The 'herd' customers - those customers that don't really know much about technology but rather follow trends or listen to their friends who tell them about a certain service - will follow the first-movers (ie. brand champions) where ever they end up going.
Any PR person will tell you that your service offering is critical, but just as critical is what people think of you. It's not enough to just be competitive, you must also align with the ideology of your customers. In NetFlix case, it's mostly people rebelling against the cable companies with their parasitic pricing structures.
Within this context, it's easy to see how behaving like the cable companies will alienate those who adopted your service in protest to the cable companies. The result over time will be erosion of your brand and ultimately a hesitation among customers (especially new ones) to sign up for your service.
The quotes within the article says it all:
"I can definitely afford it but I dropped them on principle," said Joe Turick, a technology engineer in Monroe, N.C., who has been with Netflix for about a decade, cancelled his subscription within an hour of learning of Tuesday's price changes and plans to try competitors.
----------
Zach Olsen, who is vice president of a public relations firm in San Francisco and has used Netflix for about five years, canceled his subscription on Tuesday after receiving an email from the company announcing the price hike.
"I was fired up. And I wanted to put my electronic foot down," Olsen said.
---------
Baker thinks the company should have offered a smaller price increase to long-time subscribers, saying, "it would have been nice if they showed some appreciation" to them.
"It makes you wonder if they really want to serve their customers or just their stock holders," Baker said.

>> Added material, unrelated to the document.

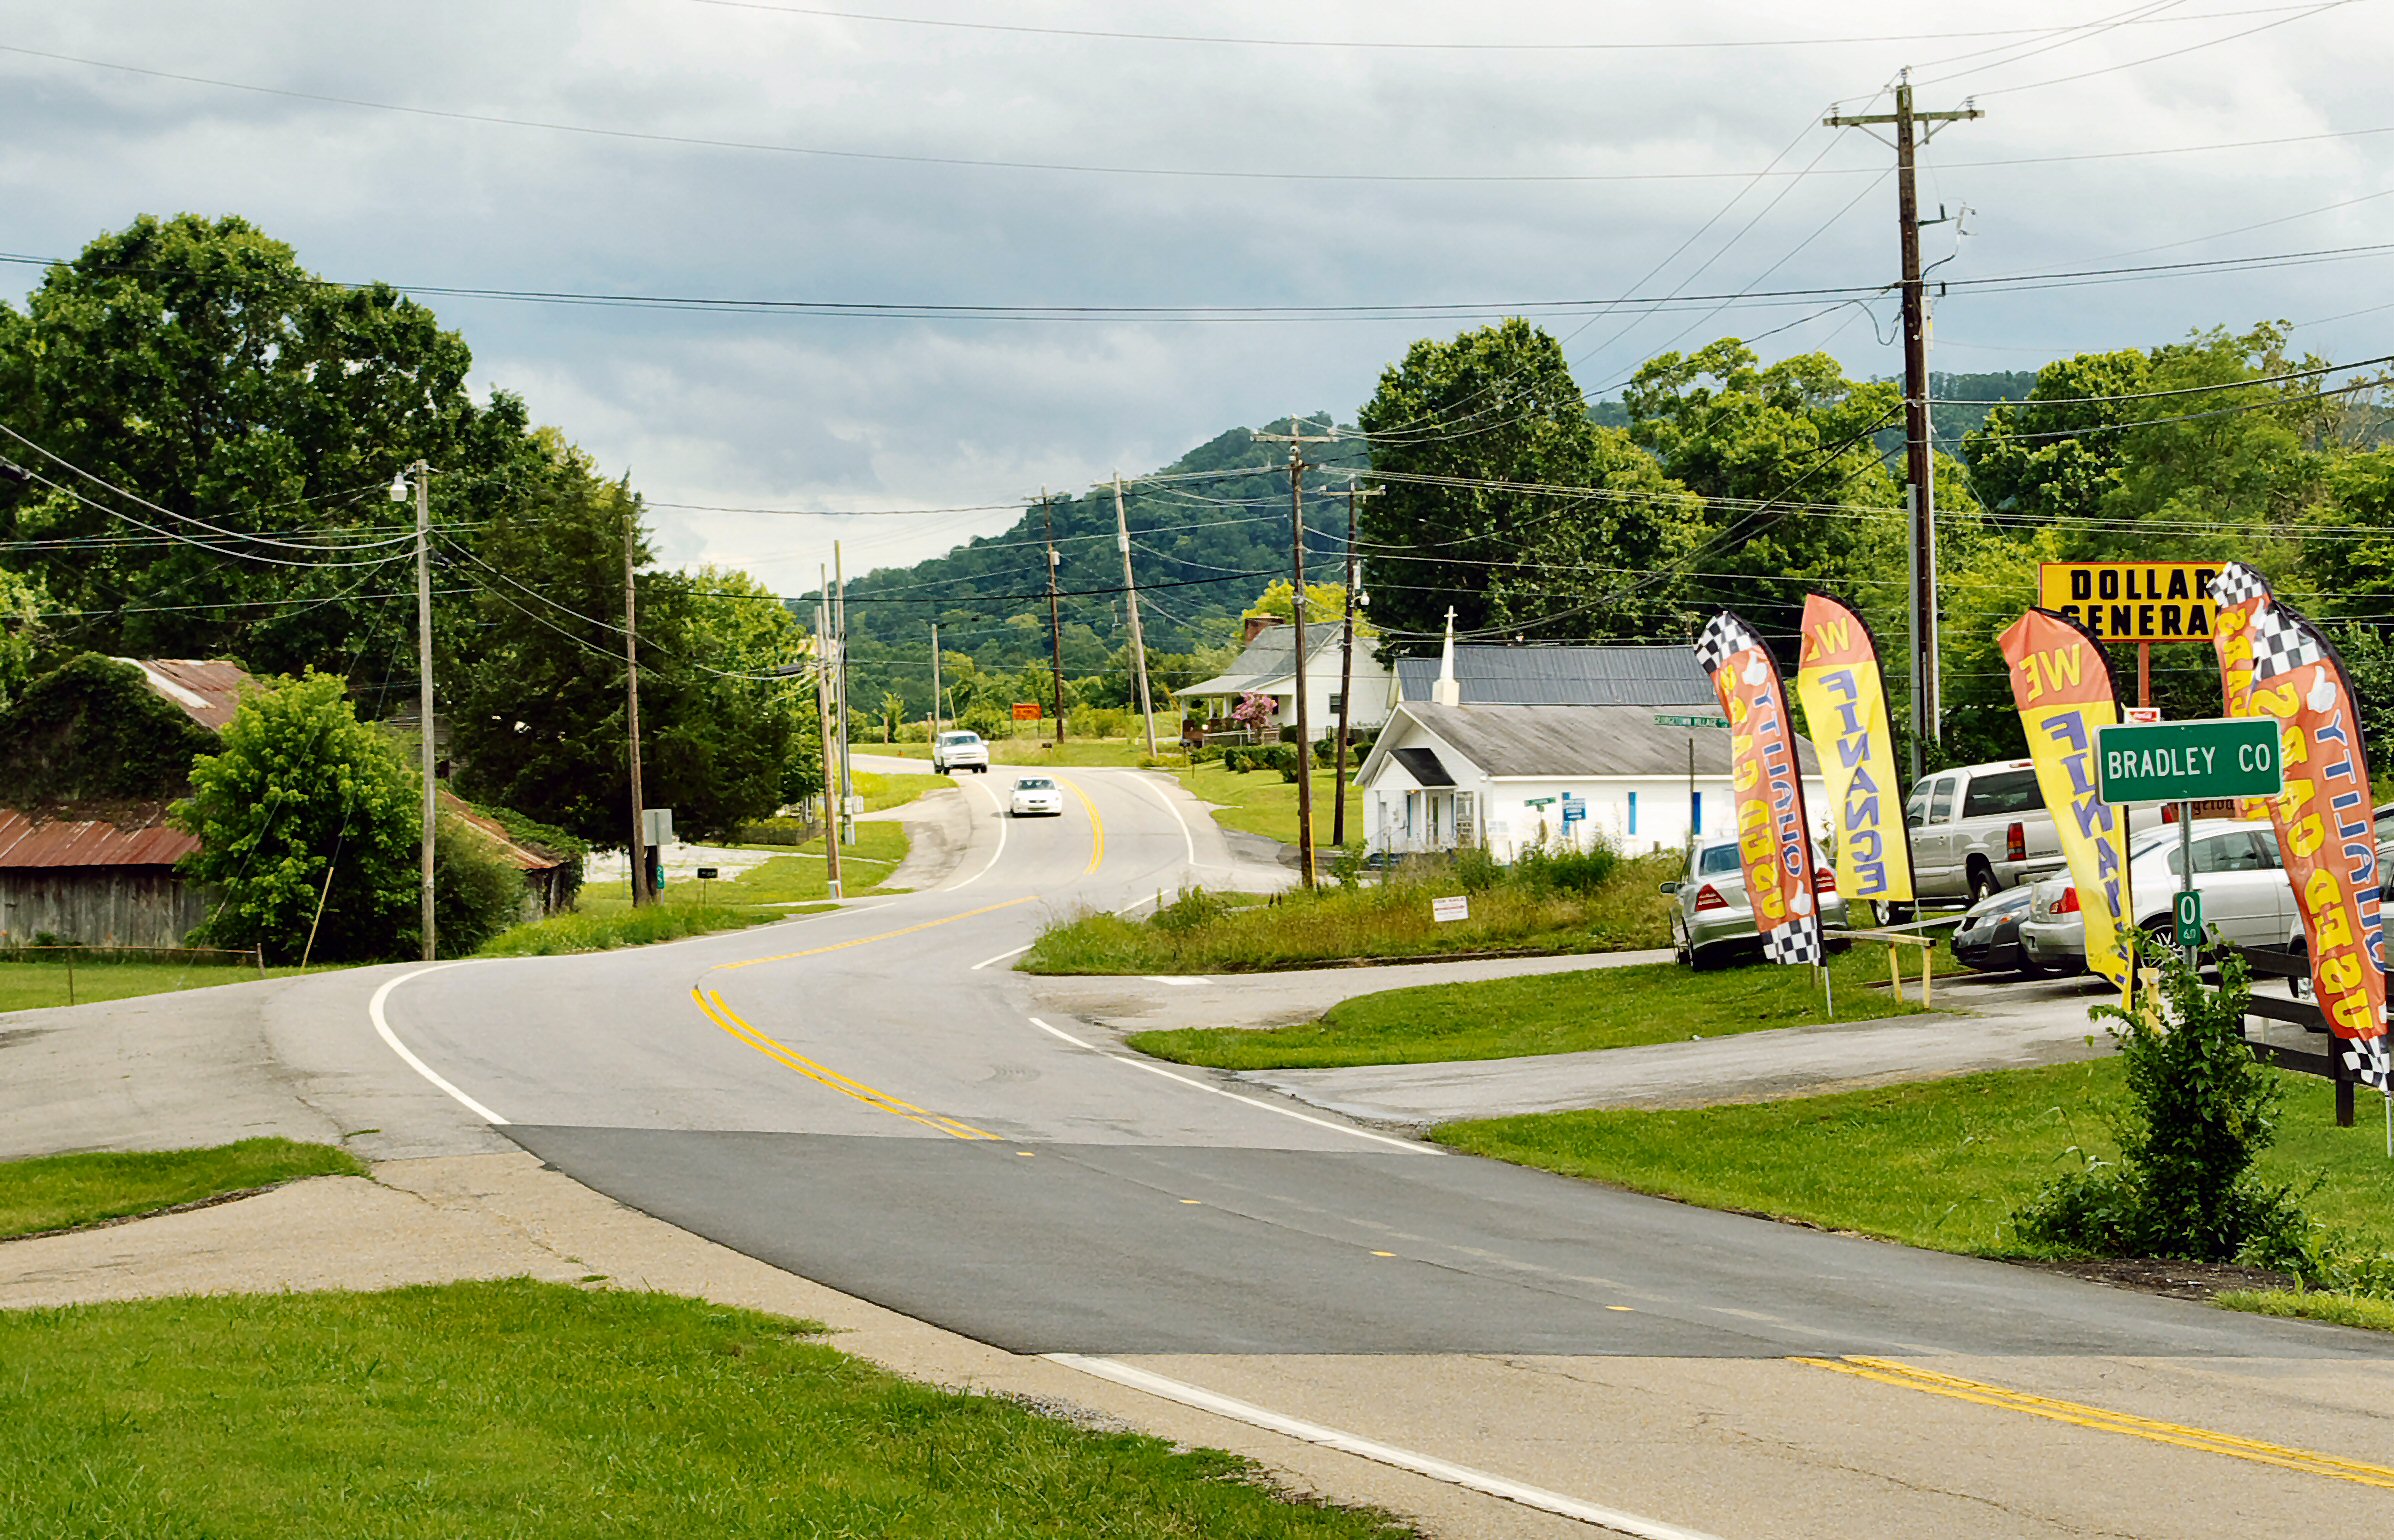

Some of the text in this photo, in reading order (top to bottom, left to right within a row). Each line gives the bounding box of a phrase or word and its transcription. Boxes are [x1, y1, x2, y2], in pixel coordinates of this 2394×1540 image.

[2070, 568, 2216, 600] DOLLAR
[2060, 604, 2220, 636] GENERA
[2107, 743, 2271, 780] BRADLEY CO
[2180, 895, 2196, 925] 0

So while NetFlix probably crunched the numbers and figured they could get away with a price hike, they failed to take in to consideration the PR ramifications. The result is they have seriously burned their brand equity in the market and opened a HUGE window of opportunity for their competitors to over take them.
While the decision in the short-term may be good for shareholders, in the long-run, it will hurt shareholders as their customer base shrinks.
Any PR person could have told you that this would happen given the demographics of their customer base. Rogers can get away with this stuff because most of their customers are either technologically ignorant or simply to lazy to try something new. But that is not the demographics of NetFlix customers.
What NetFlix should have done was leave their existing services as they were and simply layer on an enhanced service offering. That's the best way to build out your business, simply offer more to those willing to pay more. That doesn't hurt your brand because you aren't bending your existing customers over the proverbial barrel.
NetFlix probably evaluated this option and determined that there was more profit (short-term as it may be) in simply raising the price of their existing services. I wouldn't be surprised if the PR person told them this would be bad for their brand, but the sales and finance division probably won out (that's if PR ever had its voice heard at all).
If NetFlix were like the gas companies - ie. their customers had nowhere else to go - then they could have gotten away with this. But that's not the case. People, if pushed to the wall, will ultimately end up using BitTorrent (their moral opposition to downloading 'illegal' content will take a back seat to their frustration over getting fleeced by the market).
So bad on you NetFlix, you've dropped the PR ball big time on this. And while your sales forecasting may not show a marked decline in revenue from this move, the numbers you are working off of are likely not realistic because they do not factor in the impact of tarnishing your brand in the market.